The reports from the western Africa Ebola virus epidemic are terrifying, and last week the United States saw its first confirmed case in Dallas. But Richmond health officials say not to worry — they're prepared.
"It's easy for Ebola to cause a lot of concern, but the reality is [western Africa] is a very different context," says Danny Avula, deputy director of the Virginia Health Department's Richmond district office. "We have an entire health care infrastructure where we're all about early identification and isolation."
Avula says the Health Department is prepared to coordinate a response among area hospitals, doctors and first responders under the same type of planning in place for other public health emergencies.

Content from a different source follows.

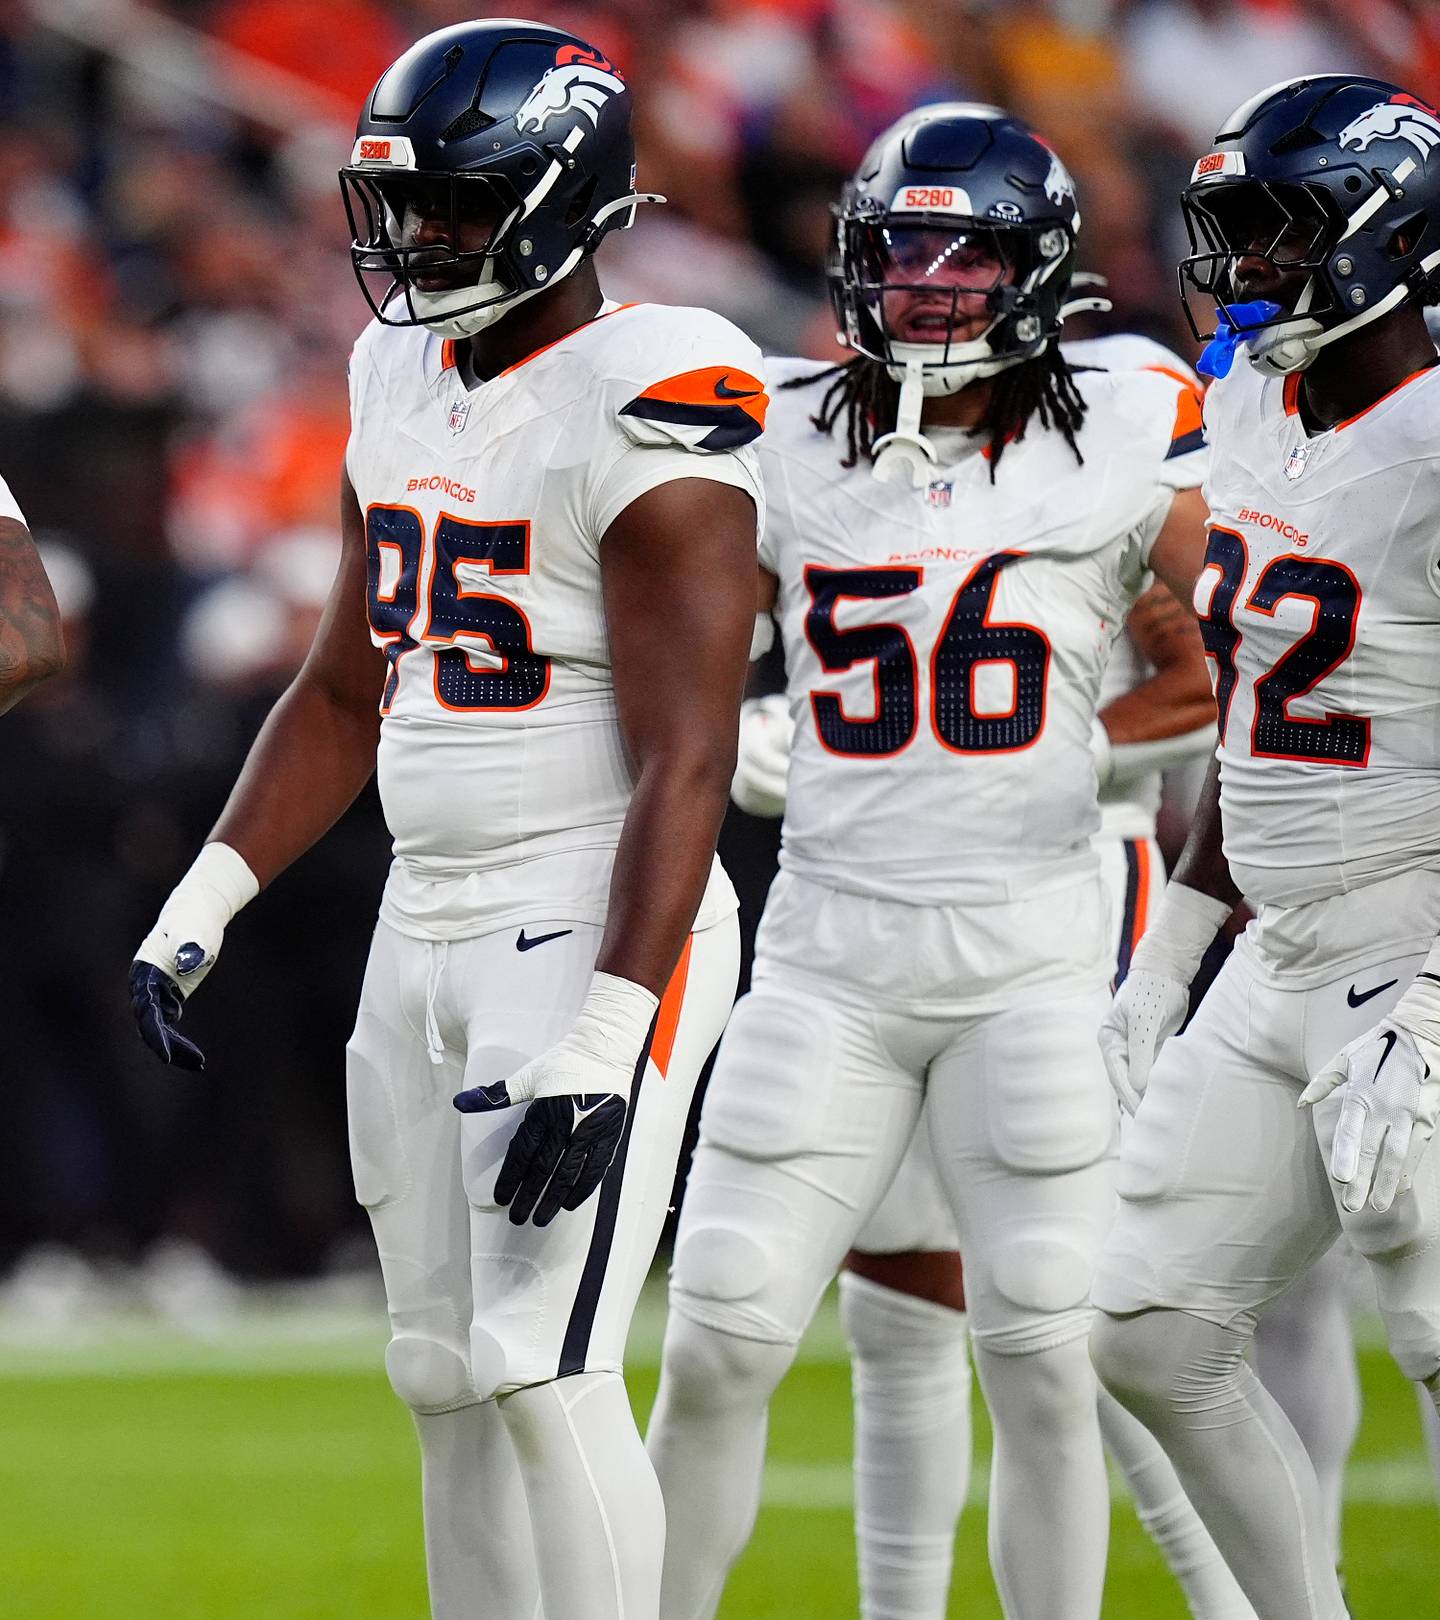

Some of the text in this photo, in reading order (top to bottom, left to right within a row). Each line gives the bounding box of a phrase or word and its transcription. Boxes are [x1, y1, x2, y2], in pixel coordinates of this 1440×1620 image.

The first thing the department wants the public to know is that the virus, which causes hemorrhaging and eventual organ failure, spreads only through direct body-fluid contact with infected people.
Emergency Coordinator Patrick Holland says he called hospitals to verify they had adequate personal protective equipment last week: "We crunched the numbers and said, 'If [an outbreak] were to occur, how quickly we would burn through supplies?'"
The answer? Well, it's a moot point, Holland says, because there's "a plan A, B, C and D" for getting more. And technology allows for real-time updates on who's getting sick and where, he says. FirstWatch, a system that monitors 911 calls and hospital visits, sends alerts if enough calls from a specific area come in with symptoms such as fever or heavy breathing.
Avula says that while there are meetings and check-ins happening, it's unprecedented for the United States to see the kind of scenario like the outbreak that's claimed at least 3,300 lives in Liberia, Sierra Leone and Guinea.
"I don't want to downplay it," he says. "I do think it's important for the public to be aware of how it's transmitted, but that should reassure and not lead to panic."